What is required:
Reproduce every record below word for word and include no pictures.

Referring expression grounding data:
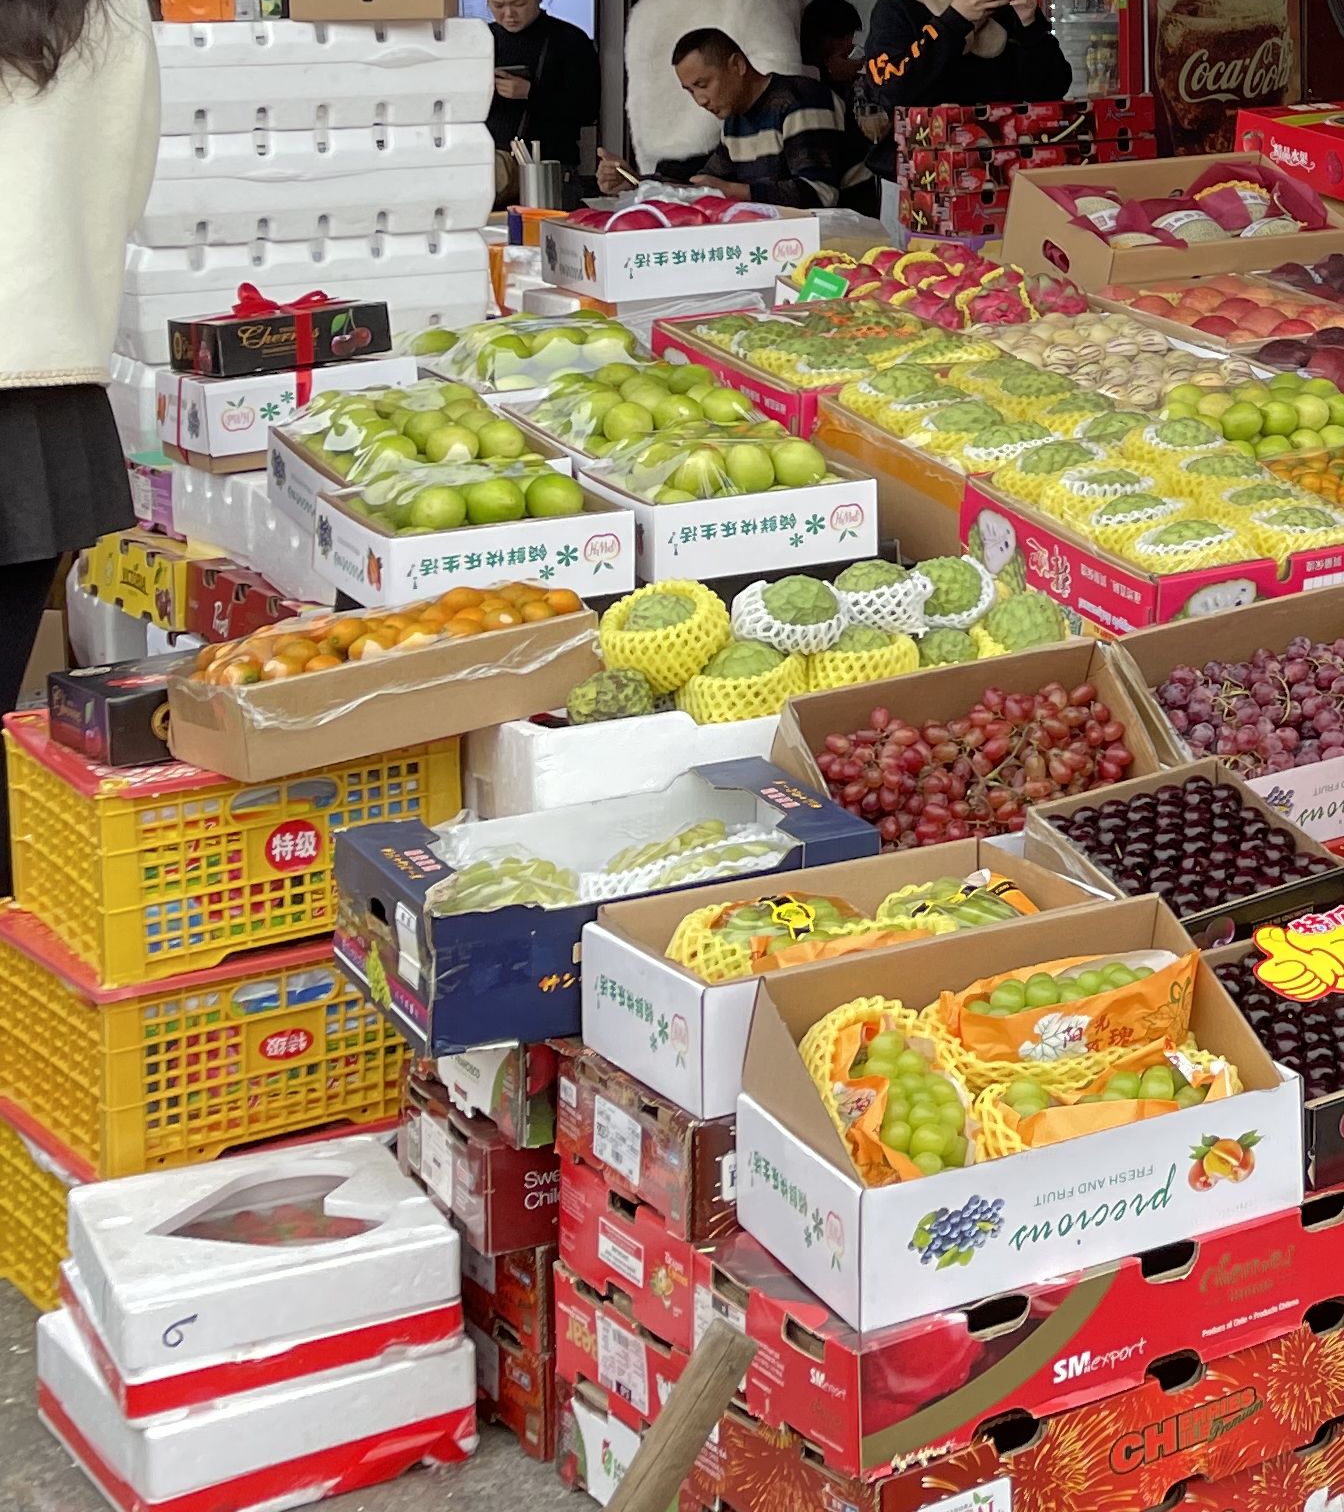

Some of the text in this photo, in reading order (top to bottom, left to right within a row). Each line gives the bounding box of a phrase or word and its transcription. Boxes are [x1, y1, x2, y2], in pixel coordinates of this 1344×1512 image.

[678, 514, 798, 545] 领鲜快乐生活
[418, 544, 549, 576] 领鲜快乐生活
[271, 828, 319, 864] 特级
[1033, 1164, 1155, 1208] FRESH AND FRUIT

Result below:
Some of the text in this photo, in reading order (top to bottom, left to right within a row). Each line gives the bounding box of a phrase or word and its transcription. Boxes are [x1, y1, x2, y2], in pixel coordinates of this 1344×1512 image.

[678, 514, 798, 545] 领鲜快乐生活
[418, 544, 549, 576] 领鲜快乐生活
[271, 828, 319, 864] 特级
[1033, 1164, 1155, 1208] FRESH AND FRUIT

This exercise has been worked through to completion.